His first line of defence is to point out while outcome and relationships may seem obvious to people, 'it still takes research to expose the magnitude of relationships, or to map the complexities and interactions that exist. For example, although TV viewing is unhealthy in terms of child development indices, less than an hour a day viewing may not appear to produce negative effects. Such knowledge can come only from research into putatively obvious relationships'.
He goes on to argue that the feeling that such research findings are obvious demonstrates a basic mental default that others construe life in more or less the same way as oneself, a bias which can lead to faulty assessments and decisions.
He explains such responses as examples of some specific effects:
1. The hindsight bias effect
Hindsight bias is the tendency for people with outcome knowledge to believe that they would have predicted the outcome. After learning of the occurrence of an event, people exaggerate the extent to which they had, or could have, foreseen the likelihood of its occurrence. This is caused either by ego-protection or the process of automatic memory updating - people are generally unaware of how their information got there, and so presume automatically that it was known all along
2. The knowledge projection hypothesis
While accessing prior-knowledge as a base from which to build new knowledge is in itself a sound learning technique, it has some liabilities. Stanovich (2003) refers to the collection of such liabilities as the fundamental computational bias. This bias is accounted for by the failure to disengage prior knowledge within a context wherein it leads to poor decision-making. The specific liabilities identified by Stanovich are: (a) the tendency to contextualise a problem when the problem calls for abstract and context-free rule applications; (b) the tendency to socialise a problem when it ought not implicate interpersonal or social cues; (c) the tendency to see deliberative patterns within random events; and (d) the tendency to use narrative modes of thought (such as idiosyncratic stories) rather than abstract paradigms or statistical information.
These sound scarily familiar!
Yates argues that educational research, therefore, is valuable for several reasons and demonstrates how research in the area of teacher effectiveness can be used:
- The value of the research lies in its use as a basis for serious personal reflection, for recognising the importance of key variables, and for the rethinking of pedagogical goals.
- Besides personal development applications, teacher effectiveness research can be respected for its value in staff development and in teacher education.
- Such analyses provide important and fundamental knowledge for the beginning teacher.

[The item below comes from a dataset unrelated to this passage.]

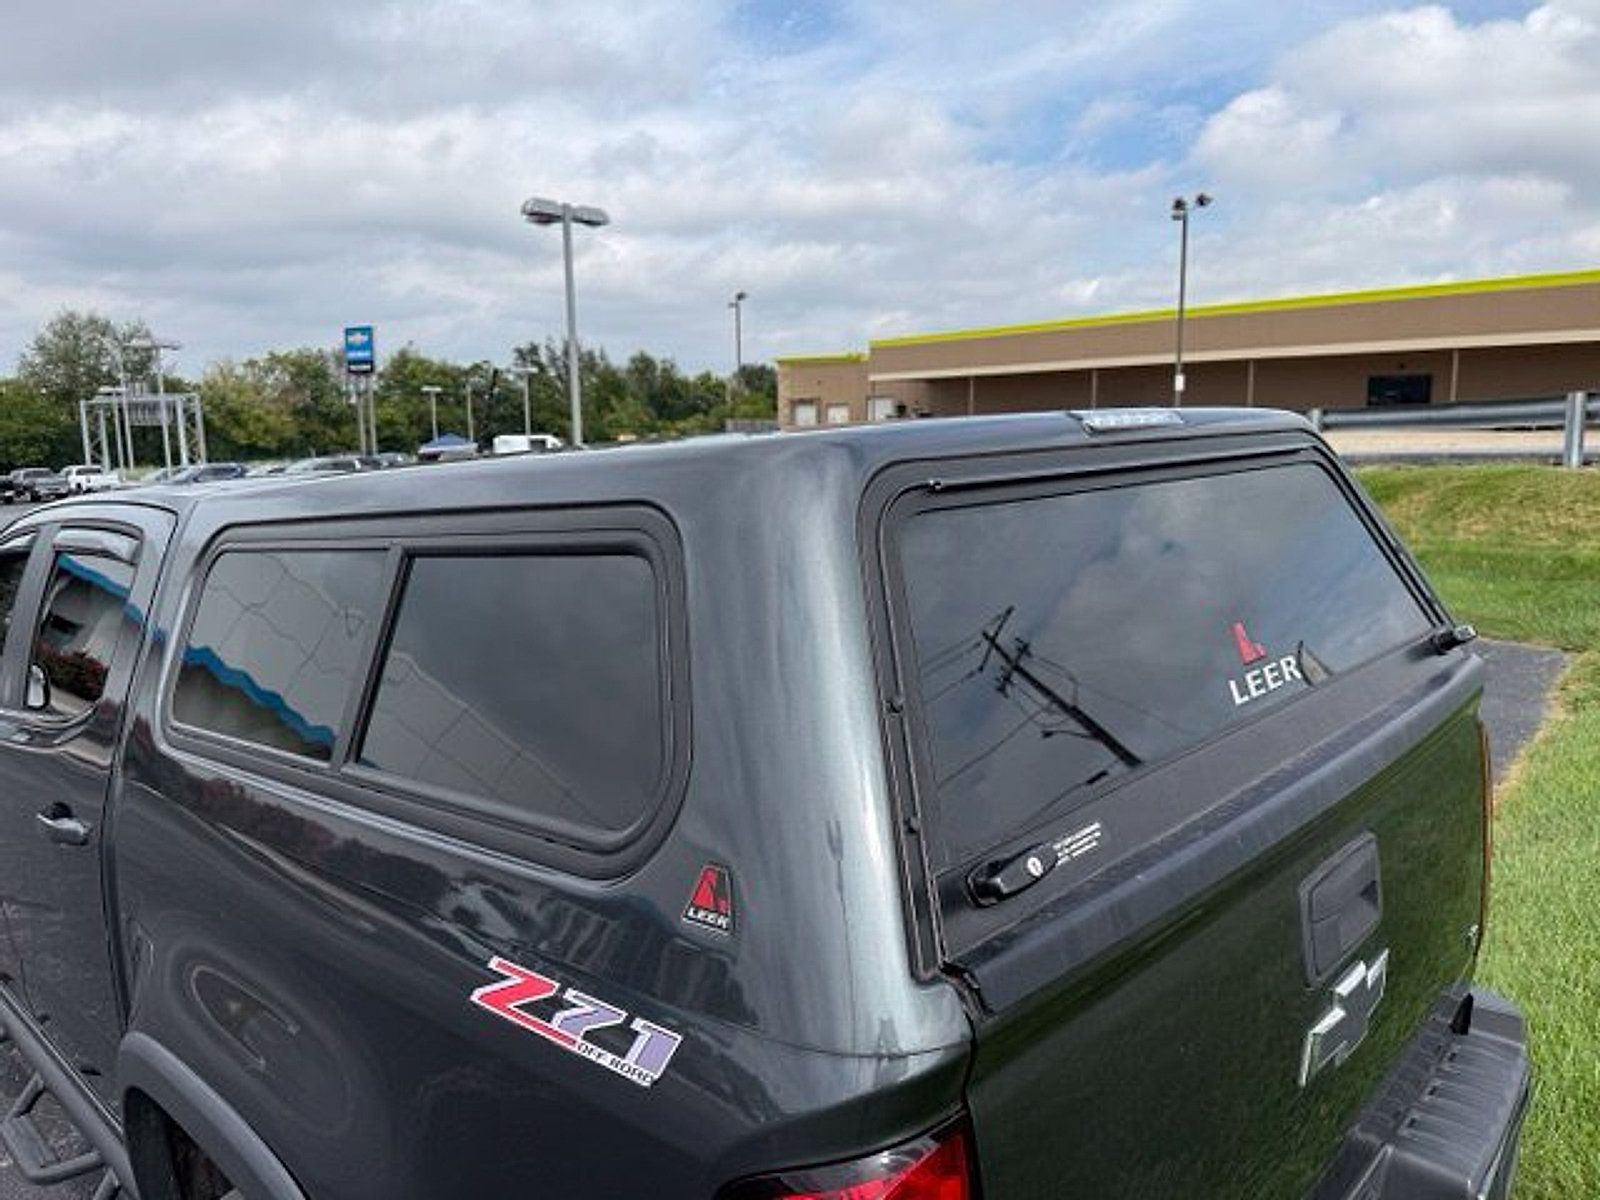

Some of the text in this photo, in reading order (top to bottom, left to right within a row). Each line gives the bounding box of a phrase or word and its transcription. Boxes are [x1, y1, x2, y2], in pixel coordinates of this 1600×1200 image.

[1229, 655, 1302, 706] LEER
[687, 907, 730, 929] LEER
[470, 956, 683, 1080] Z71

- It is impossible for any one unaided human observer to assay functional relationships that exist over time within complex environments. Necessarily, individual perceptions are limited. Our world view is narrow, and not a universal one. It is virtually axiomatic within modern psychology to note that we perceive patterns because we believe they are there, rather than because they exist.
He's developed this response to deal with the issue of obviousness whenever it surfaces after seminars on effective teaching:
OK, but there is a parallel between obviousness and common sense. And what did Voltaire note about common sense? The problem with common sense, he said, is that it is not so common.